| Problem |
Please restate the entries verbatim. The copy should hold no pictures.

=== Information ===

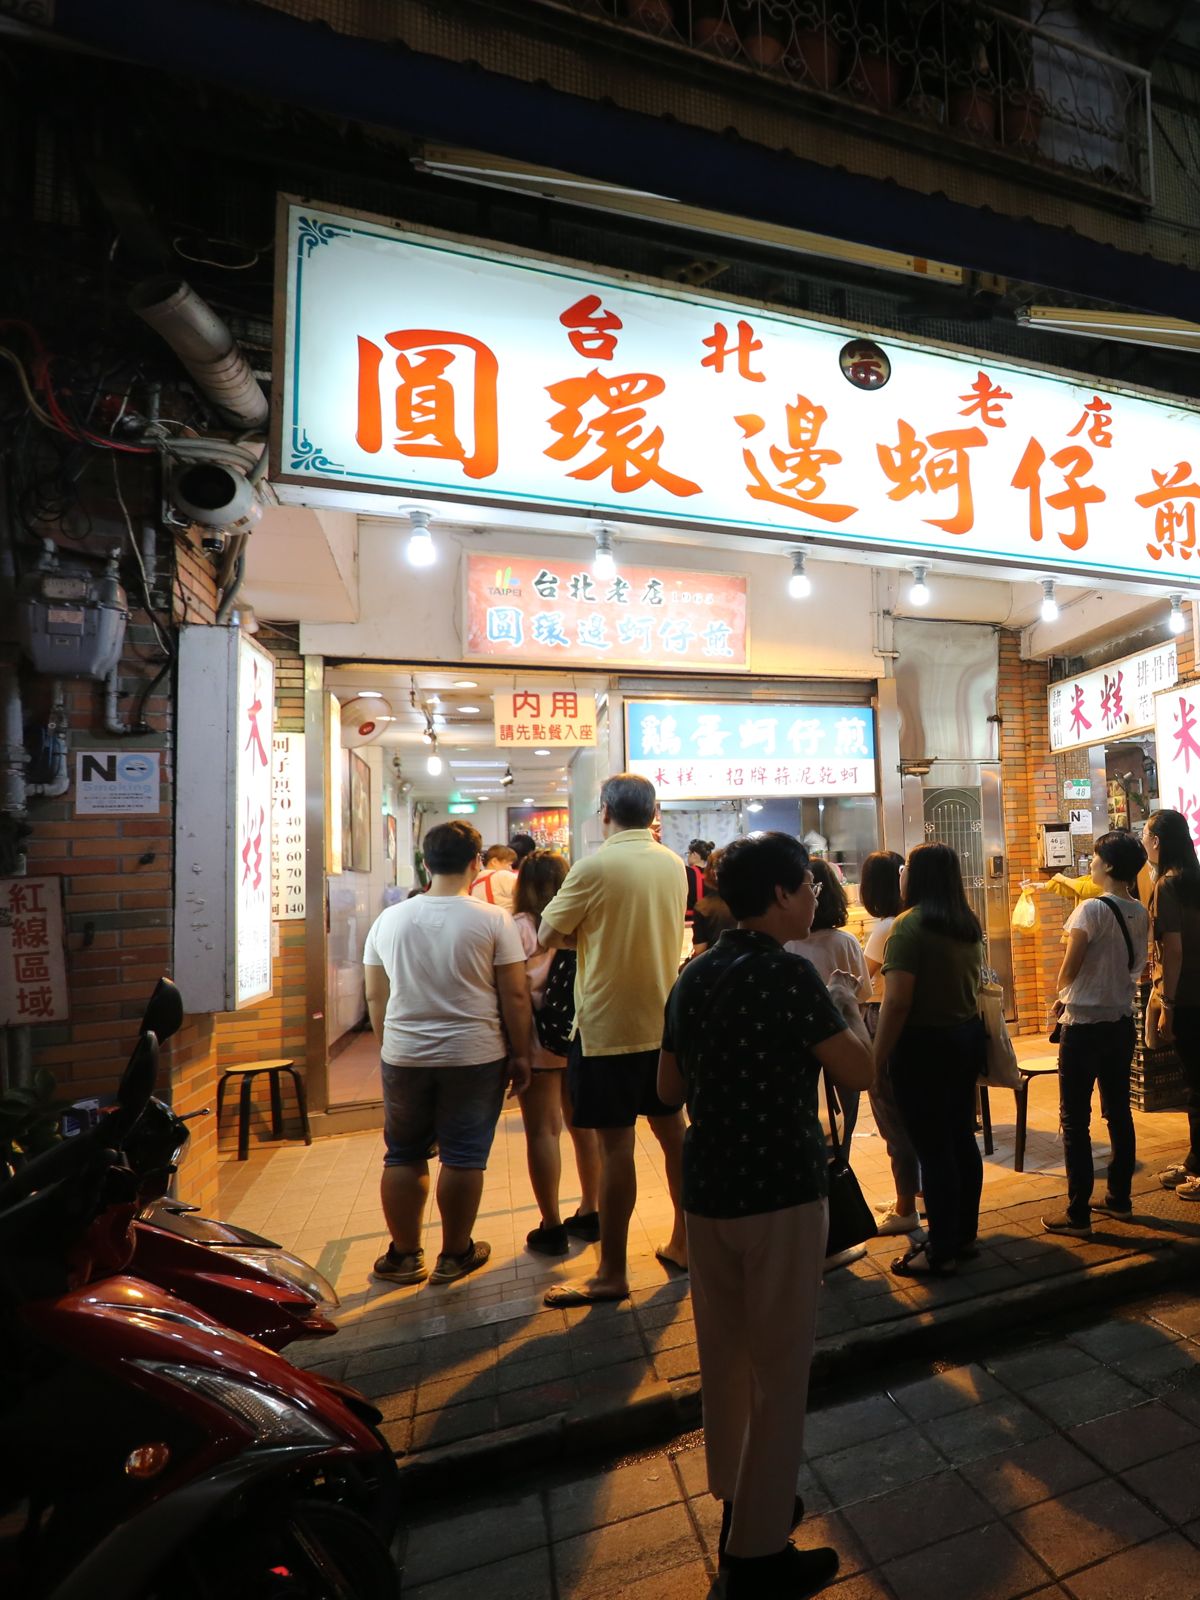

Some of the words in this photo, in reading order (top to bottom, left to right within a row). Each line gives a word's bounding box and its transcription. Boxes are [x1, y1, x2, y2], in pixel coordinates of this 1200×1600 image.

[533, 570, 663, 605] 台北老店
[487, 608, 735, 656] 圓環邊蚵仔煎
[1069, 669, 1130, 741] 米糕
[500, 724, 593, 742] 請先點餐入座
[286, 834, 301, 845] 60
[287, 852, 301, 862] 60
[286, 869, 301, 879] 70
[286, 886, 301, 896] 70
[284, 904, 304, 914] 140
[8, 883, 54, 1018] 紅線區域
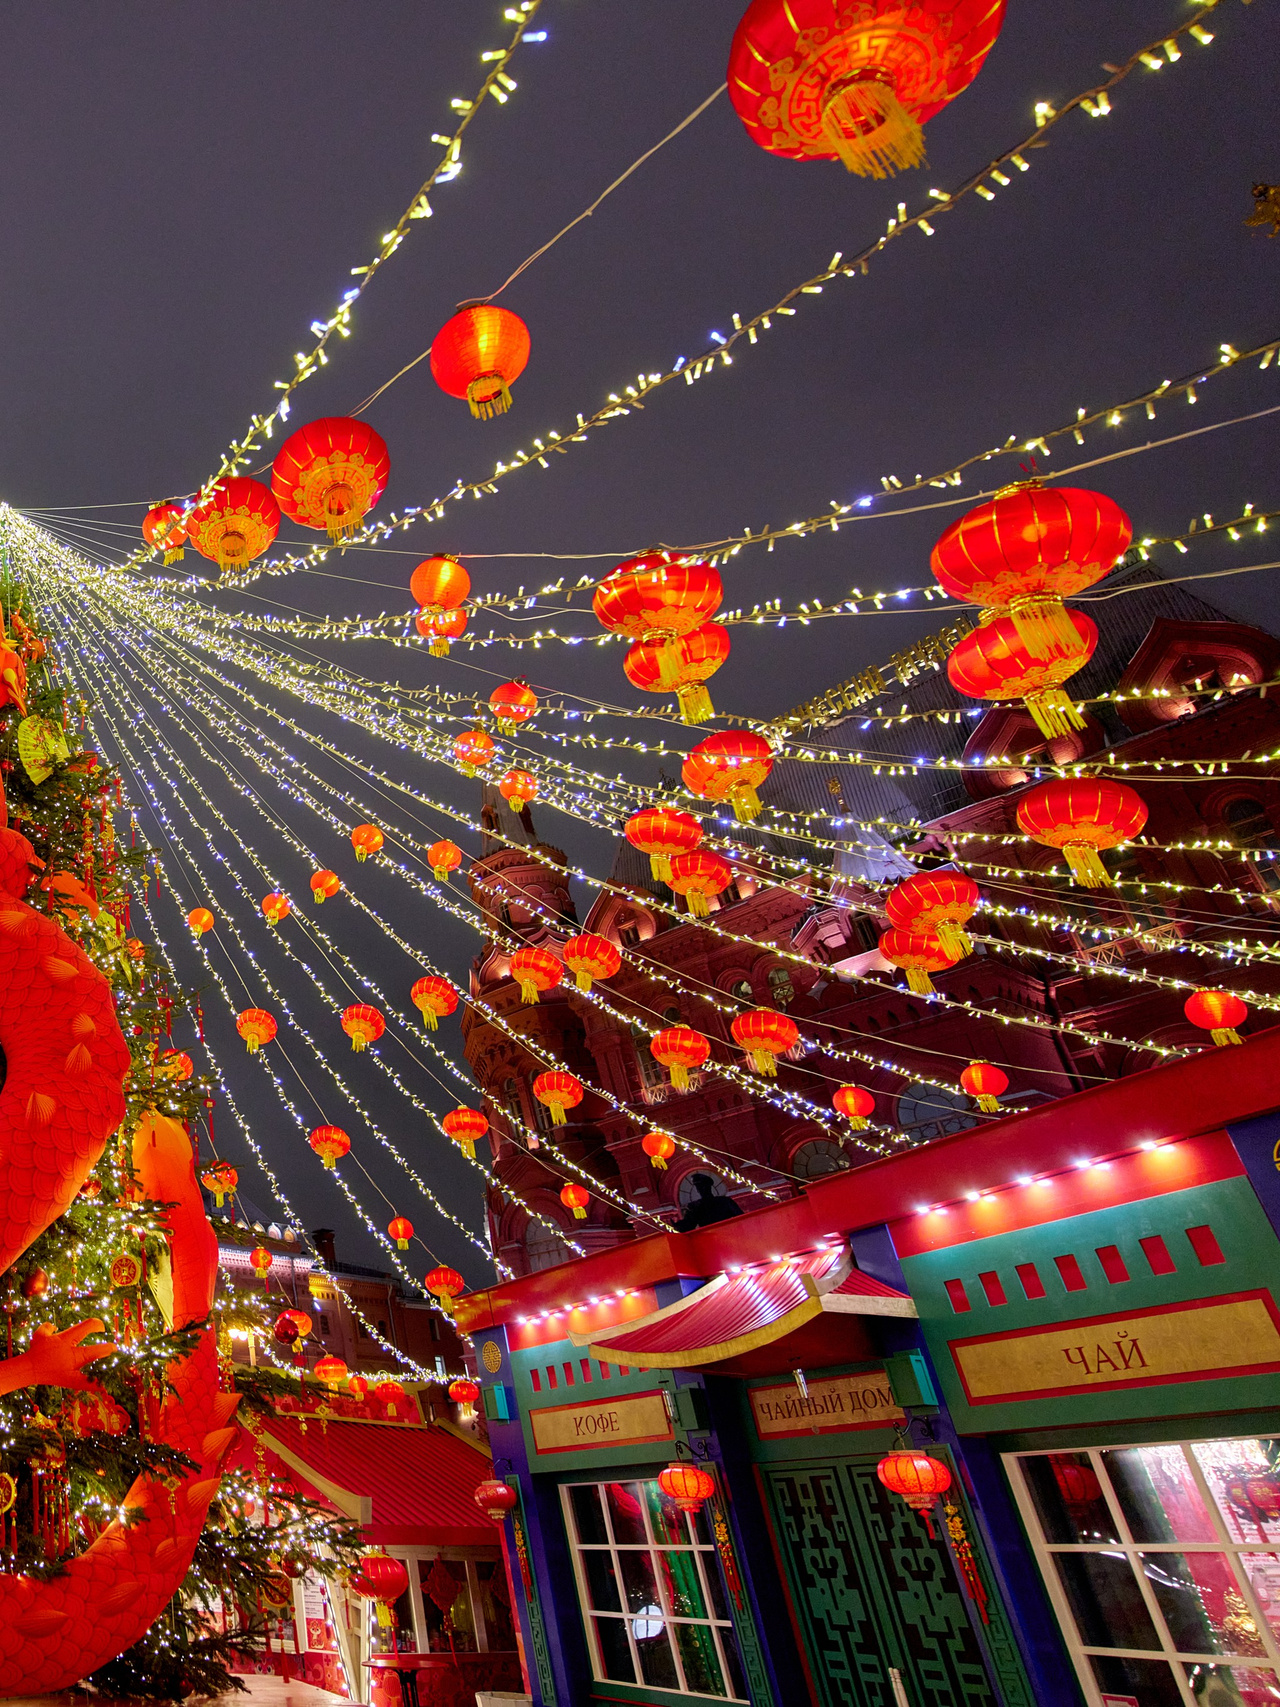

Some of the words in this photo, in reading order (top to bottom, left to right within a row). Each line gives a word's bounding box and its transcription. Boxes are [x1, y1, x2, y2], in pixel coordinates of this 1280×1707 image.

[1061, 1330, 1151, 1375] ЧАЙ
[758, 1390, 845, 1422] ЧАЙНЫЙ
[848, 1386, 896, 1414] ДОМ
[572, 1411, 620, 1437] КОФЕ
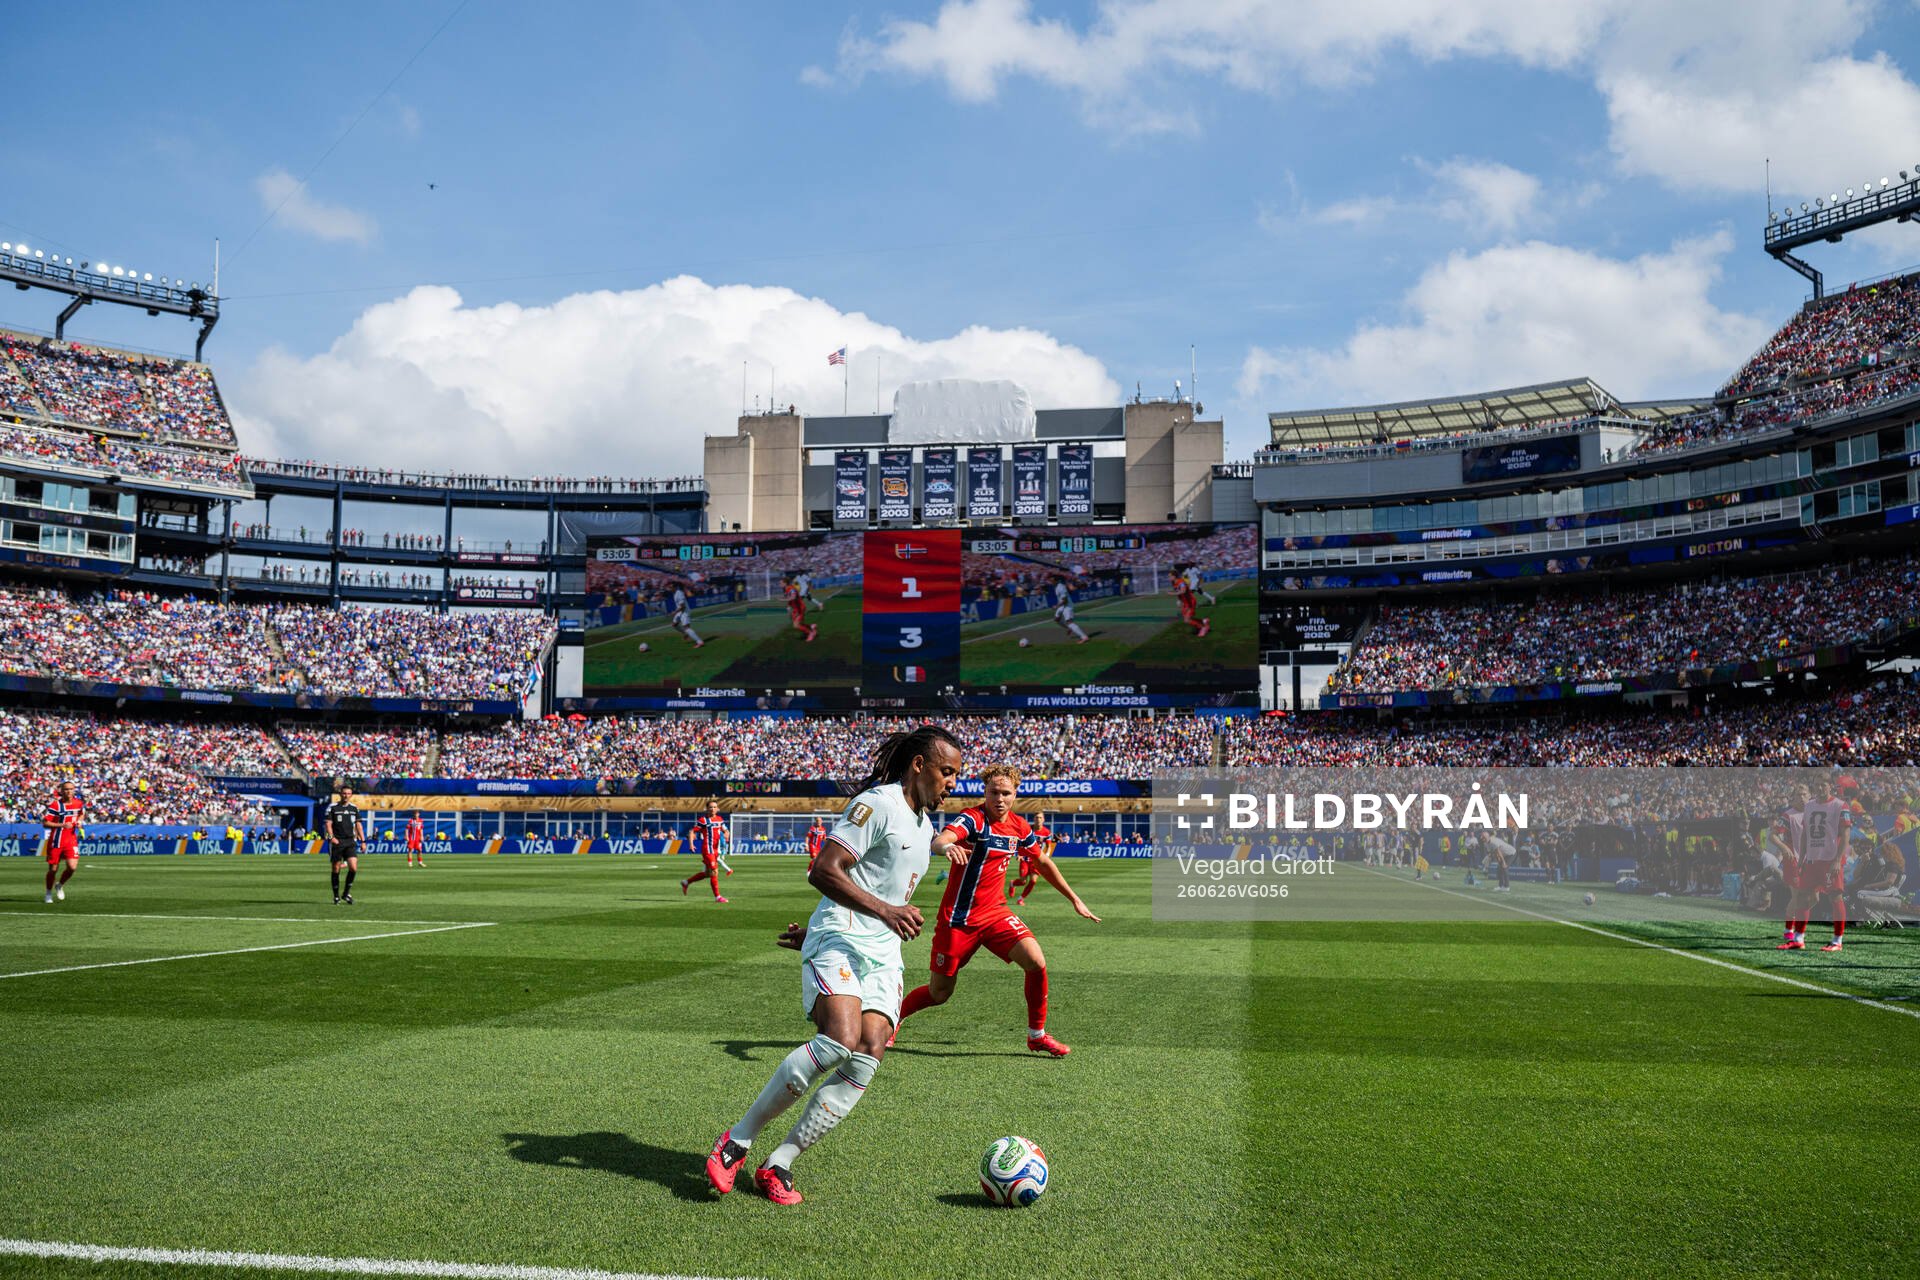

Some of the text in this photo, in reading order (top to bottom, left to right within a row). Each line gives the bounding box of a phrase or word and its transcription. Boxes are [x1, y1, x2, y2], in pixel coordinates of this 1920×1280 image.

[1688, 492, 1740, 511] BOTON
[28, 509, 82, 524] BOON
[1422, 529, 1472, 540] #FIFAWorldCup
[978, 541, 1008, 551] 53:05
[1101, 540, 1115, 548] FRA
[1689, 538, 1742, 556] BOSTON
[602, 550, 631, 559] 53:05
[1423, 570, 1472, 581] #FIFAWorldCup
[474, 589, 494, 598] 2021
[902, 577, 922, 598] 1
[900, 628, 923, 648] 3
[1777, 655, 1815, 672] BOON
[696, 688, 746, 696] Hisense
[1082, 684, 1134, 694] Hisense
[1027, 696, 1148, 706] FIFA WORLD CUP 2026
[477, 783, 529, 792] #FIFAWorldCup
[726, 782, 781, 793] BOSTON
[1017, 782, 1092, 793] CUP 2026
[78, 841, 96, 856] tap
[96, 840, 106, 854] in
[108, 840, 131, 854] with
[133, 842, 154, 854] VISA
[198, 840, 221, 854] VISA
[252, 841, 280, 854] VISA
[423, 841, 452, 853] VISA
[516, 840, 555, 854] VISA
[607, 840, 644, 854] VISA
[752, 841, 778, 852] with
[784, 842, 807, 853] VIS
[1087, 844, 1197, 858] tap in with VISA

===

| Written response |
Some of the words in this photo, in reading order (top to bottom, left to right within a row). Each line gives a word's bounding box and its transcription. Boxes are [x1, y1, x2, y2], in pixel coordinates of this 1200×1600 image.

[533, 570, 663, 605] 台北老店
[487, 608, 735, 656] 圓環邊蚵仔煎
[1069, 669, 1130, 741] 米糕
[500, 724, 593, 742] 請先點餐入座
[286, 834, 301, 845] 60
[287, 852, 301, 862] 60
[286, 869, 301, 879] 70
[286, 886, 301, 896] 70
[284, 904, 304, 914] 140
[8, 883, 54, 1018] 紅線區域

Some of the words in this photo, in reading order (top to bottom, left to right within a row). Each line gives a word's bounding box and its transcription. Boxes are [x1, y1, x2, y2], in pixel coordinates of this 1280×1707 image.

[1061, 1330, 1151, 1375] ЧАЙ
[758, 1390, 845, 1422] ЧАЙНЫЙ
[848, 1386, 896, 1414] ДОМ
[572, 1411, 620, 1437] КОФЕ

Some of the text in this photo, in reading order (top to bottom, left to right within a row). Each line gives the bounding box of a phrase or word and its transcription. Boxes are [x1, y1, x2, y2], in pixel coordinates of this 1920×1280 image.

[1688, 492, 1740, 511] BOTON
[28, 509, 82, 524] BOON
[1422, 529, 1472, 540] #FIFAWorldCup
[978, 541, 1008, 551] 53:05
[1101, 540, 1115, 548] FRA
[1689, 538, 1742, 556] BOSTON
[602, 550, 631, 559] 53:05
[1423, 570, 1472, 581] #FIFAWorldCup
[474, 589, 494, 598] 2021
[902, 577, 922, 598] 1
[900, 628, 923, 648] 3
[1777, 655, 1815, 672] BOON
[696, 688, 746, 696] Hisense
[1082, 684, 1134, 694] Hisense
[1027, 696, 1148, 706] FIFA WORLD CUP 2026
[477, 783, 529, 792] #FIFAWorldCup
[726, 782, 781, 793] BOSTON
[1017, 782, 1092, 793] CUP 2026
[78, 841, 96, 856] tap
[96, 840, 106, 854] in
[108, 840, 131, 854] with
[133, 842, 154, 854] VISA
[198, 840, 221, 854] VISA
[252, 841, 280, 854] VISA
[423, 841, 452, 853] VISA
[516, 840, 555, 854] VISA
[607, 840, 644, 854] VISA
[752, 841, 778, 852] with
[784, 842, 807, 853] VIS
[1087, 844, 1197, 858] tap in with VISA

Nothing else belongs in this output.